**Exercise details:** Retype all entries exactly as they stand, excluding pictures.

**Record extracts:**
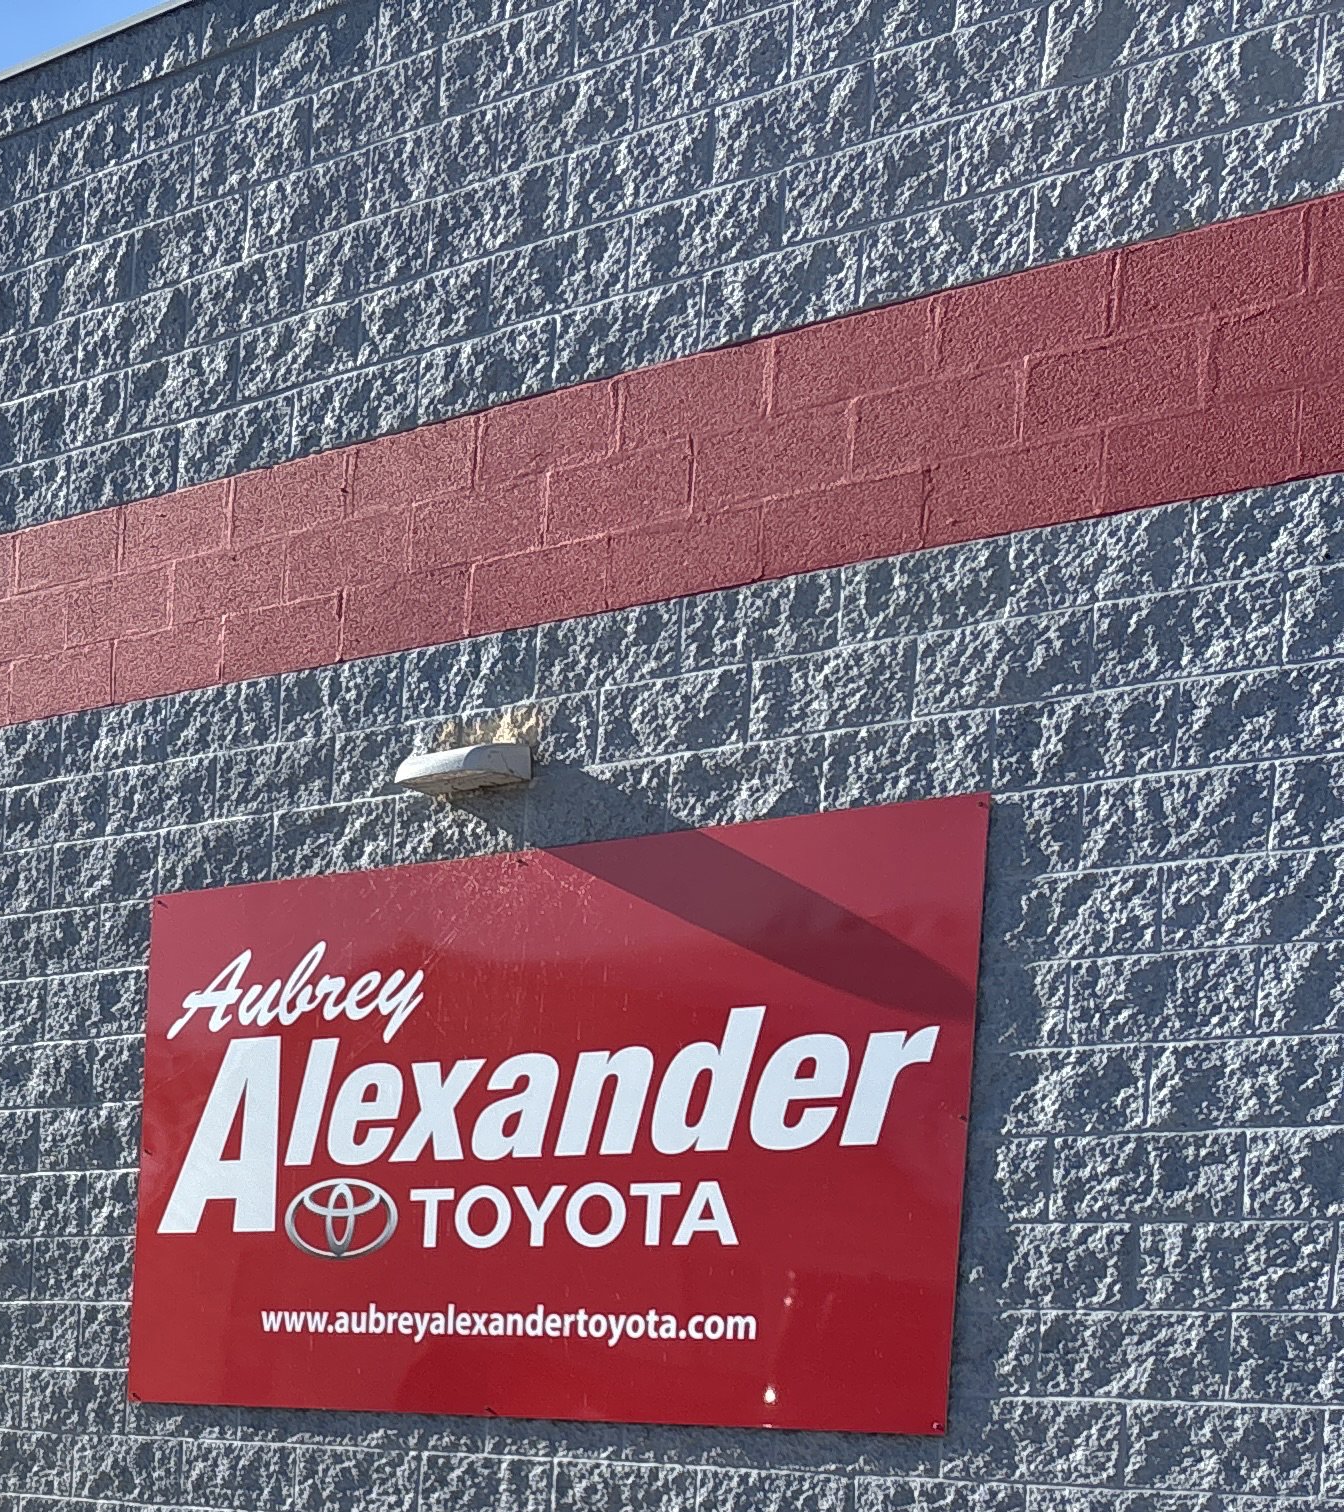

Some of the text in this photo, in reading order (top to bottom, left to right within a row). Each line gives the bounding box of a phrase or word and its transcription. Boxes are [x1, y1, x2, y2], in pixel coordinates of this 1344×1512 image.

[167, 940, 425, 1044] Aubrey
[157, 1006, 940, 1234] Alexander
[410, 1181, 739, 1248] TOYOTA
[260, 1303, 757, 1346] www.aubreyalexandertoyota.com
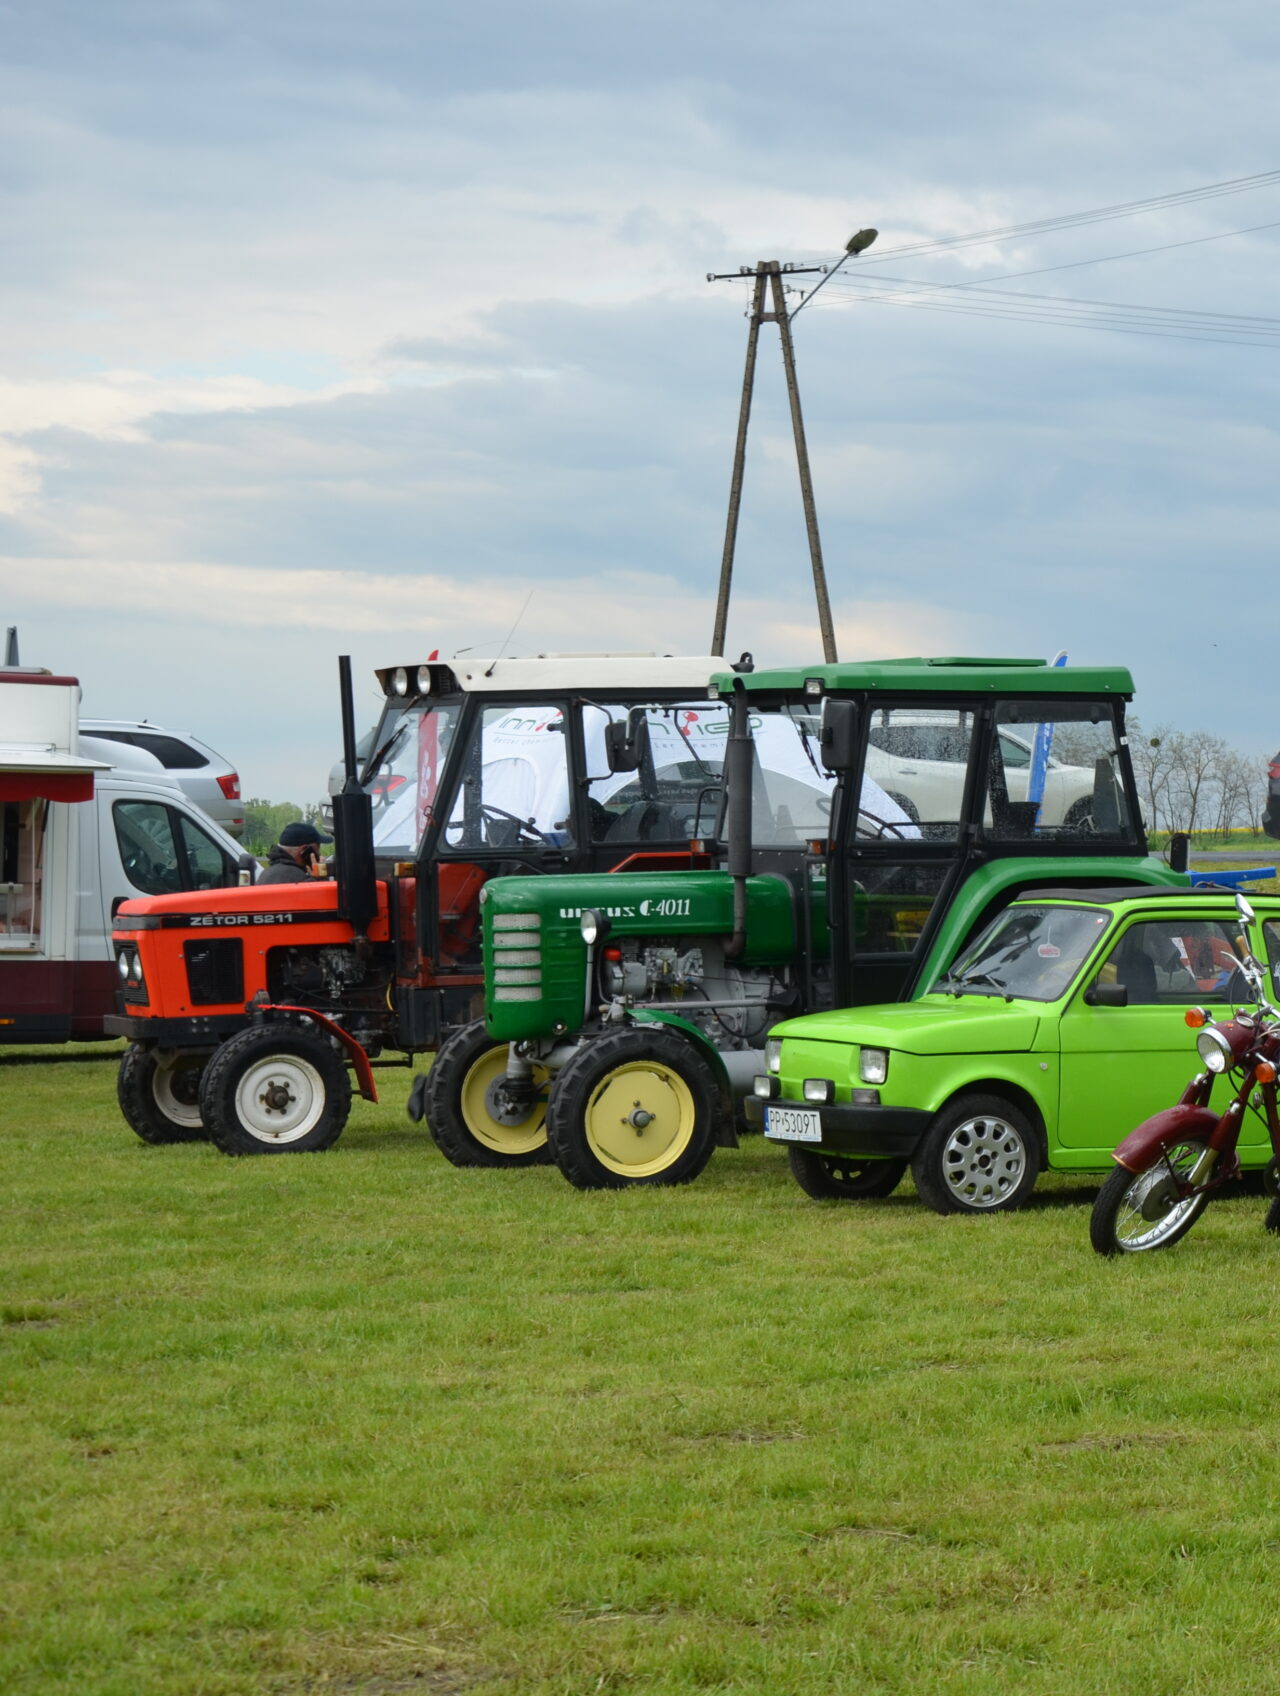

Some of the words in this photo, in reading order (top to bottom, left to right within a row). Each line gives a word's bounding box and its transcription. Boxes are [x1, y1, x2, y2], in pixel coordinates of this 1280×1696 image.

[639, 898, 691, 916] C-4011
[190, 916, 249, 926] ZETOR
[253, 913, 293, 924] 5211

**Finished exercise:**
Some of the text in this photo, in reading order (top to bottom, left to right within a row). Each line gives the bounding box of a phrase or word and its transcription. Boxes are [x1, y1, x2, y2], in pixel coordinates of this 1344×1512 image.

[167, 940, 425, 1044] Aubrey
[157, 1006, 940, 1234] Alexander
[410, 1181, 739, 1248] TOYOTA
[260, 1303, 757, 1346] www.aubreyalexandertoyota.com

Some of the words in this photo, in reading order (top to bottom, left to right within a row). Each line gives a word's bounding box and its transcription. Boxes are [x1, y1, x2, y2], in pixel coordinates of this 1280×1696 image.

[639, 898, 691, 916] C-4011
[190, 916, 249, 926] ZETOR
[253, 913, 293, 924] 5211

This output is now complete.